The 2009 move impacted our intelligence capabilities and hurt our relationships with Sunni Arabs and Kurds, not to mention the capabilities of budding Iraqi Security Forces (ISF) we were partnered with during “the surge” which decimated Al-Qaeda and put IRGC-QF militia leaders behind bars.

And, like 2009, ahead of a 2010 election that failed to secure a continued U.S. presence in Iraq, a decreased U.S. role gave rise and rebirth to a defeated enemy that began to slowly creep back as ISIS.   

This simplified definition of “defeated” — ISIS has only lost territory and is not defeated — coupled with a decreased U.S. role, leaves “liberated” cities ripe for security backslide. Does that sound too negative? Well, it happened with 130,000 Americans behind walls until we left in 2011. I don’t see how it turns out better with less than 5,000 Americans in the country and now behind walls and waiting.

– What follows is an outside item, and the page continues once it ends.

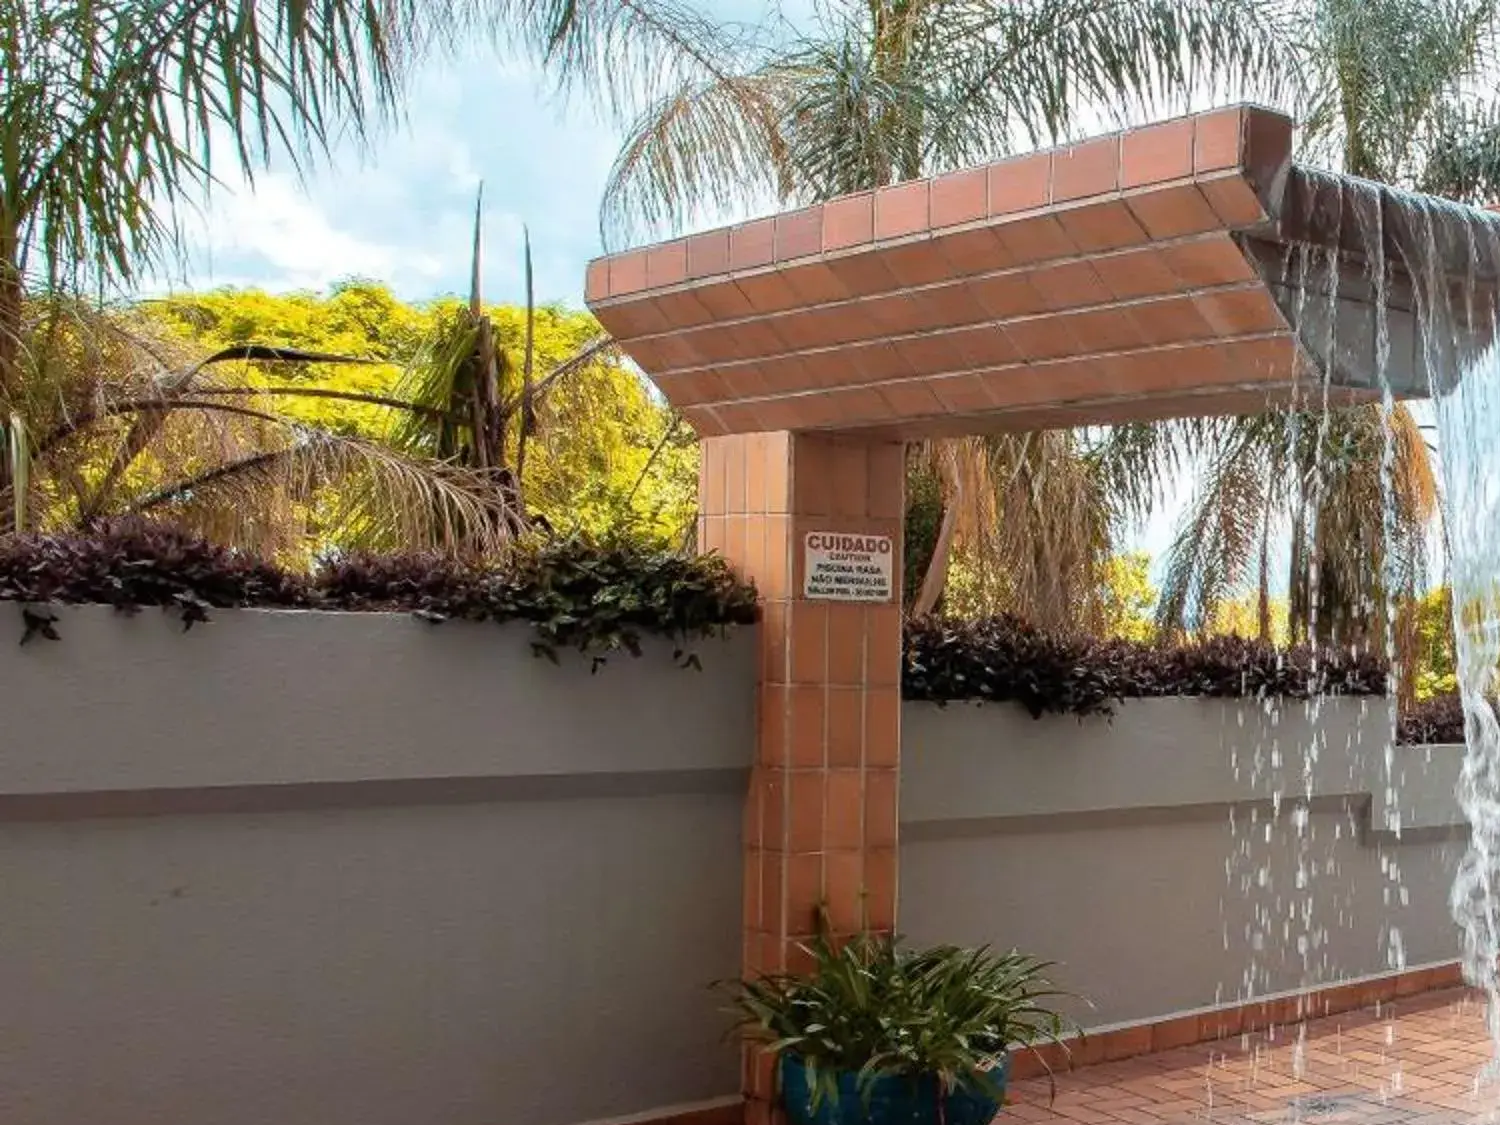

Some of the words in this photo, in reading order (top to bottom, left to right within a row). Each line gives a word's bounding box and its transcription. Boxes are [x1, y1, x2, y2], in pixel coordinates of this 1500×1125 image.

[808, 535, 890, 553] CUIDADO
[829, 553, 871, 562] CAUTION
[811, 573, 832, 584] NÃO

This 2018 move is ahead of Iraq’s May 12 parliamentary elections, an election where moderate political parties are asking for a less visible U.S. presence, and one where pro-Iran parties are threatening the U.S. with violence. Iranian Revolutionary Guards al-Quds (IRGC-QF) Force commander Maj. Gen. Qassem Soleimani, for example, has influence on both Iraq and Kurdistan.

If Iraqi Prime Minister Haider al-Abadi remains prime minister, he will need the U.S. to take a less visible role while still providing training and equipment and funds to the Iraqi Security Forces (ISF) that are now infiltrated by IRGC-QF militias. Wait, infiltrated may be too harsh, let’s say this instead: Integrated into the ISF with access to U.S. funds and equipment. “Integrated” suggests we know what’s happening and are ignoring it, to our peril.

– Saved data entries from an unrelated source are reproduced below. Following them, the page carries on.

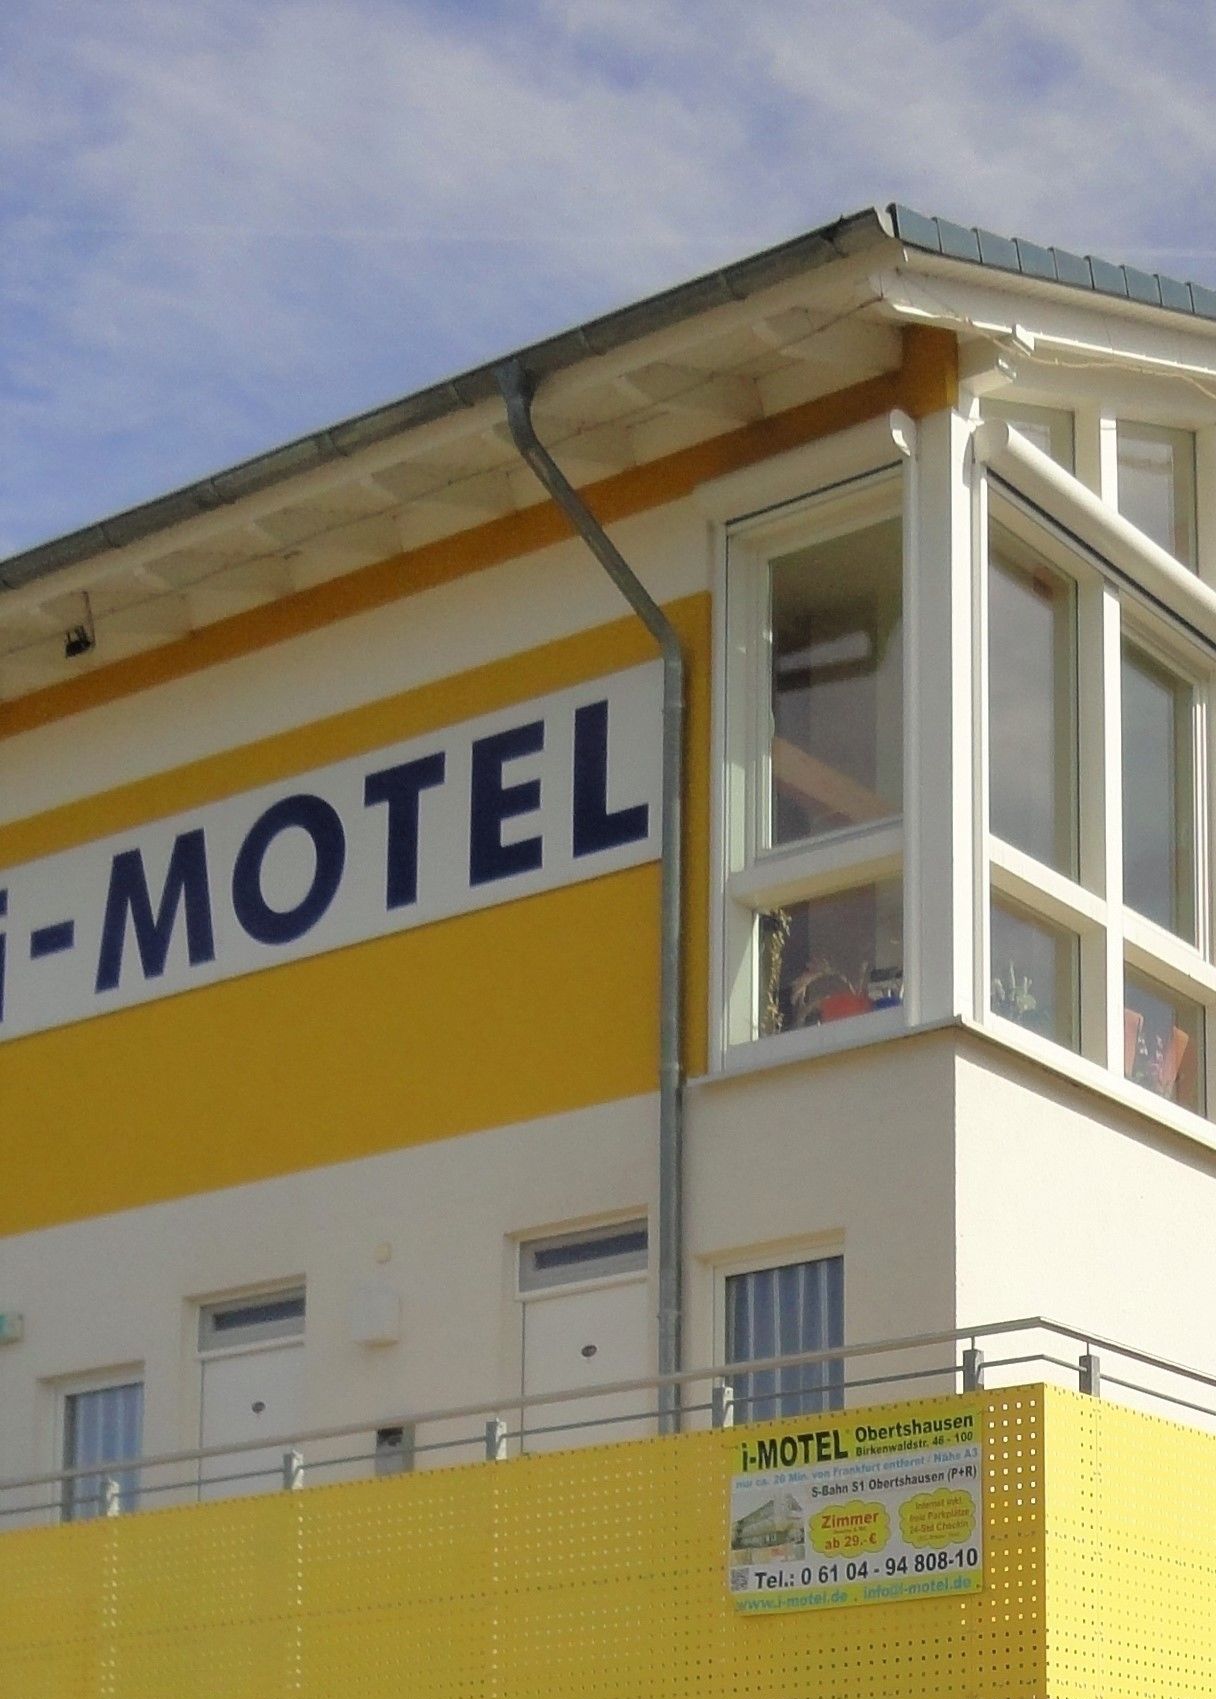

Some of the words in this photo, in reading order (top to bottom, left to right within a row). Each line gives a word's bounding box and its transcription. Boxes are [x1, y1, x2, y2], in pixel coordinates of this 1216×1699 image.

[0, 700, 649, 1023] -MOTEL
[855, 1414, 974, 1444] Obertshausen
[855, 1438, 929, 1458] Birkenwaldstr.
[955, 1431, 974, 1444] 100
[741, 1429, 848, 1473] i-MOTEL
[736, 1479, 753, 1489] nur
[811, 1470, 830, 1480] von
[832, 1462, 881, 1478] Frankfurt
[883, 1455, 925, 1471] entfernt
[964, 1447, 978, 1458] A3
[811, 1483, 849, 1498] S-Bahn
[852, 1480, 865, 1493] S1
[868, 1472, 945, 1491] Obertshausen
[947, 1465, 978, 1483] (P+R)
[821, 1512, 879, 1529] Zimmer
[825, 1537, 840, 1550] ab
[754, 1572, 795, 1590] Tel.:
[801, 1568, 812, 1585] 0
[818, 1564, 838, 1584] 61
[846, 1561, 868, 1581] 04
[886, 1556, 908, 1576] 94
[914, 1547, 979, 1572] 808-10
[735, 1590, 848, 1612] www.i-motel.de
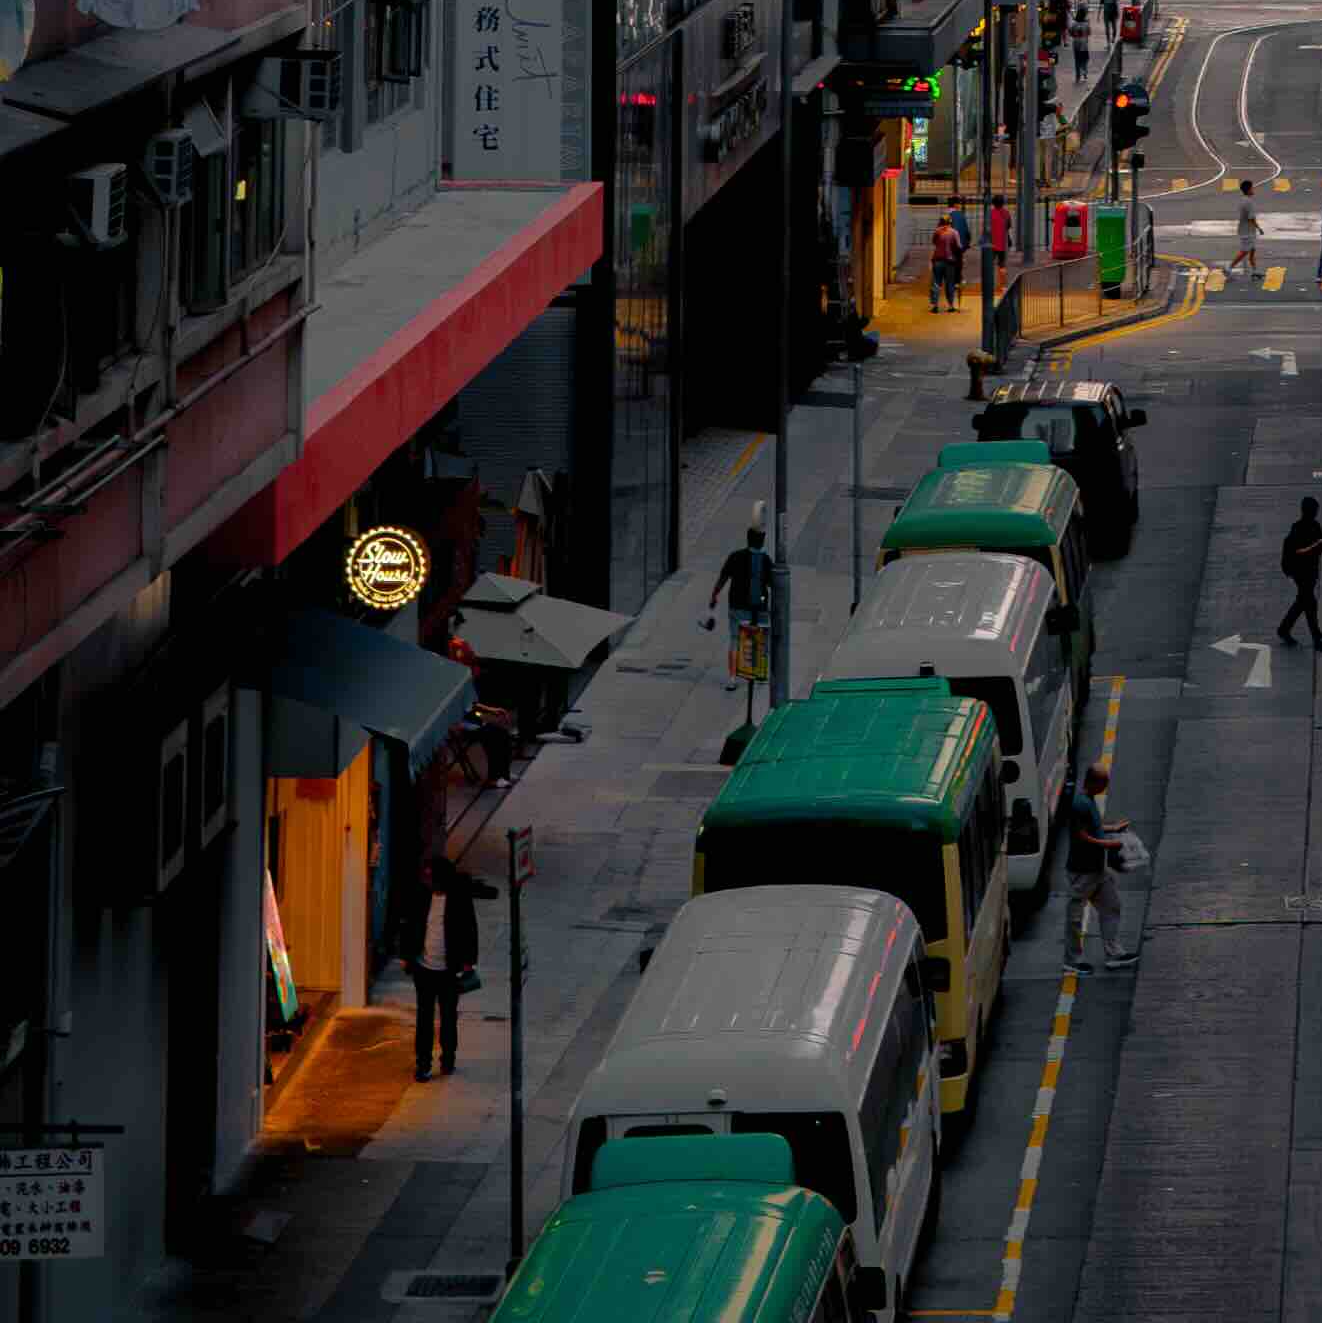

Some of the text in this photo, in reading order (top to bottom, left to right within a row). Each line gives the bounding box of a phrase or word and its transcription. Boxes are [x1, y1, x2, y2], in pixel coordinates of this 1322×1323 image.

[357, 541, 409, 564] Slow
[361, 562, 410, 584] House
[28, 1237, 71, 1255] 6932

Soleimani’s lieutenants lead his IRGC-QF militias in Iraq. These IRGC-QF militias now makeup a political party — the Fatah party — and if they win the prime minister position, we will be told to leave. Even if Fatah comes up short and ends up with key security and infrastructure ministries, then we simply have to end funding to Baghdad, end the U.S. Train and Equip program in Iraq, and seriously consider leaving Baghdad for Erbil.  

If we are asked to leave nicely or under the threat of violence, because again, we’ve been here before — we must stay. The the last time we left, it resulted in the birth of an existential threat to the world. In 2011, the Sunni Arabs and Kurds asked us, ineffectually, to remain. Today, they are again asking us to stay regardless of what Baghdad and Tehran want. If we leave again, 10-year-old Americans will be fighting as 20-year-old men and women in Iraq.  

Sectarian forces in Baghdad, Tehran, and Damascus have no interest or appetite in keeping Sunni threats from emerging in the Northern Middle East. They need the threat of possible Sunni extremism ever present in order to stay armed and in control.  

Michael Pregent is a senior fellow at the Hudson Institute. He was an embedded adviser to the Peshmerga in Mosul and an intelligence and policy adviser to Generals Petraeus and Odierno on Iranian activities in Iraq. He served 20 years as an intelligence officer in the Army and seven years with the Defense Intelligence Agency as an Iraq expert. Pregent is also a founder of United Against Nuclear Iran’s veterans advisory council.